To make her videos, Young listens to songs through headphones and chooses to lip sync rather than sing out loud. “So many other people are there [getting treatment] too,” she says. “I’m not there to disrupt.” But within her own treatment space, she goes big with video-ready makeup, props, and wigs. “Chemo is the only time I wear wigs,” she says with a laugh. “I don’t usually wear anything on my head. I’ve gotten many compliments on my skull!”
Before beginning treatment, she explained to her students, some of whom are children, what would be happening. “One child asked if I would be bald,” she says. “I said yes, and that it would mean the drugs are working.” But she’s found ways to use her bald head in her videos—like portraying Daddy Warbucks from Annie or using it as a base for spinning pinwheels.
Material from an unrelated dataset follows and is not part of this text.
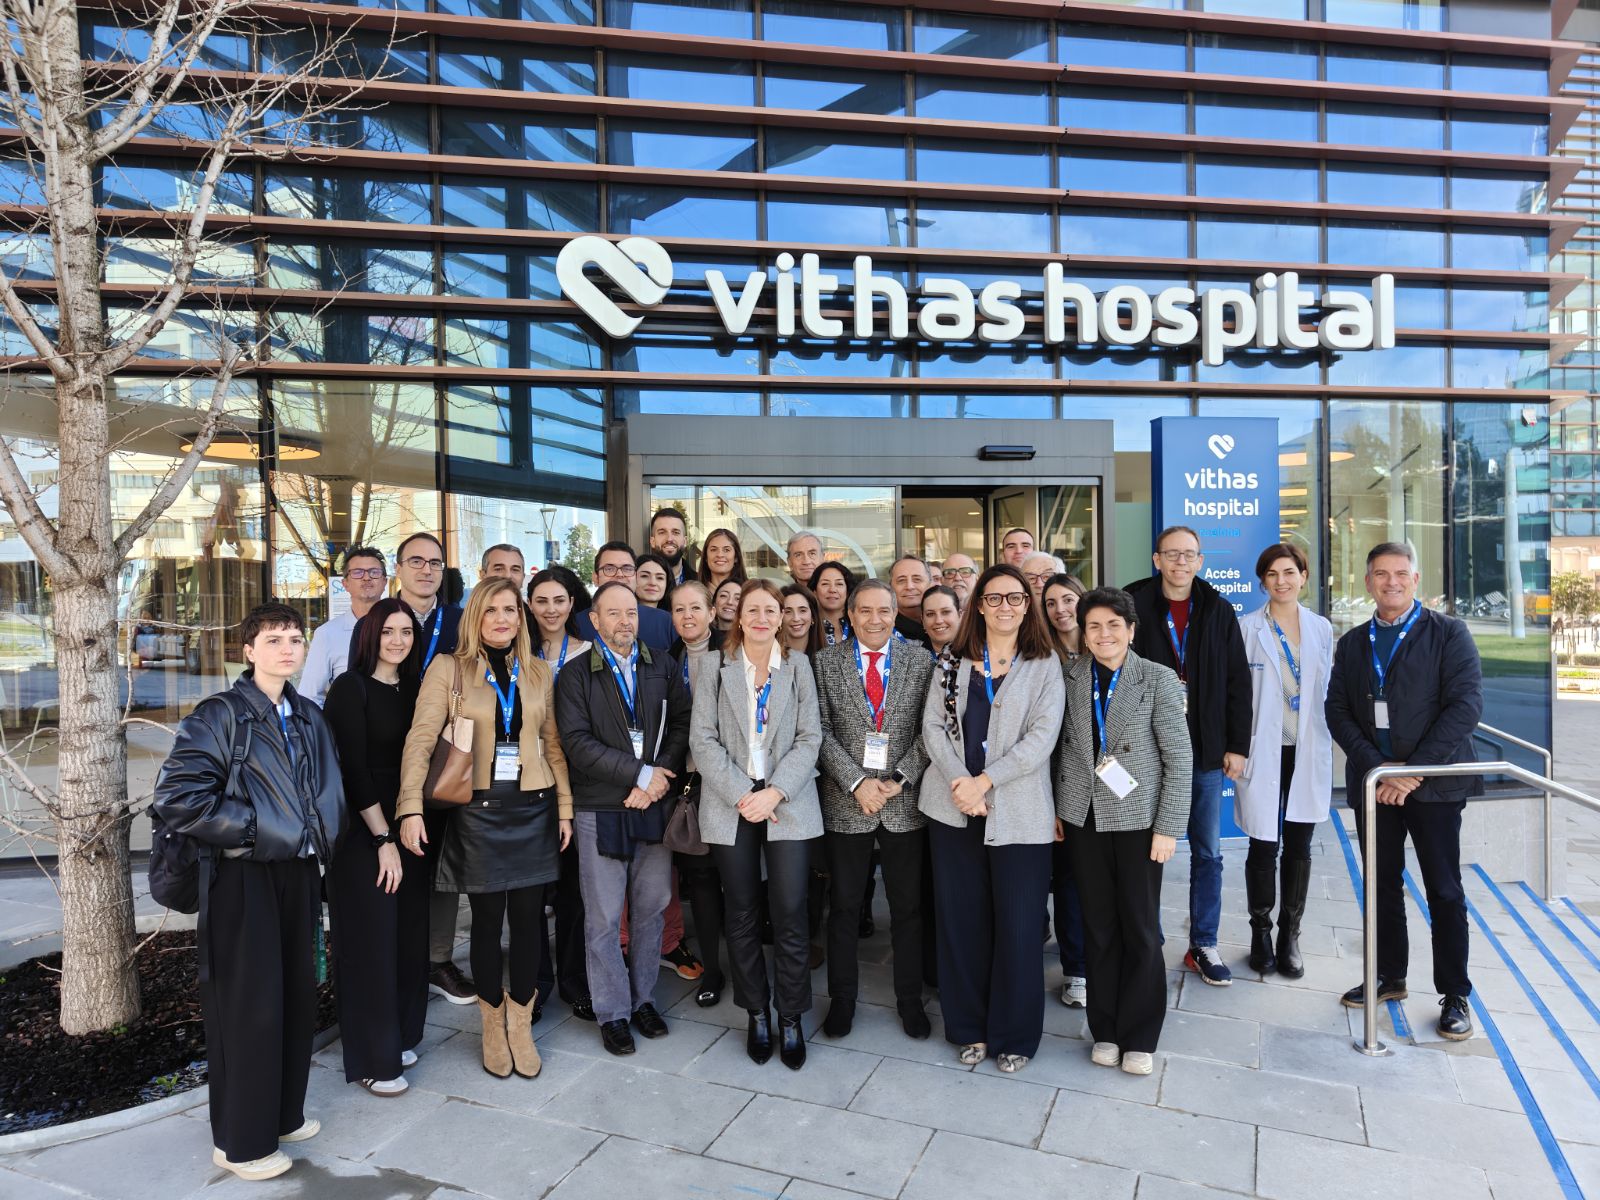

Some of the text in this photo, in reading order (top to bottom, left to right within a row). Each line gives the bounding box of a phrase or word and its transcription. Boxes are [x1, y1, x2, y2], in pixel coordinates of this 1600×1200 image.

To complete her projects, she uses the app Videostar: “I can put the songs into it and edit on my phone.”
“I had such a feeling of foreboding before starting chemo—what’s going to happen to me?” she recalls. In addition to giving her a distraction, the recordings are also meant to help her loved ones. “I think about my family,” she says, “and how in a way they worry about this even more than I do. I want them to know I’m still me. This is my way of saying hello.”
Reaching beyond her own circle, Young makes all the videos public on her Facebook page and has also created a YouTube channel for them. “I have heard from many friends how they share the videos, especially with anyone going through treatment or who’s newly diagnosed,” she says. “It’s been incredibly humbling to know that they’re having some effect on people I’ll never meet, giving them something to smile about or laugh at in the midst of trying times. If I can use my ridiculousness to help someone else, that’s the best I can hope for.”
As Young counts down chemo sessions (she’ll be done in mid-October), she thinks about what she’d want women who’ve just been diagnosed to know.
“Have patience with yourself,” she says. “Give yourself allowance to break down, and acknowledge all the rough sides. But also look for ways to build yourself back up. I believe that outlook and attitude make a huge difference in how you take what’s coming to you. This whole process is not really about what happens to you but what you do with it.”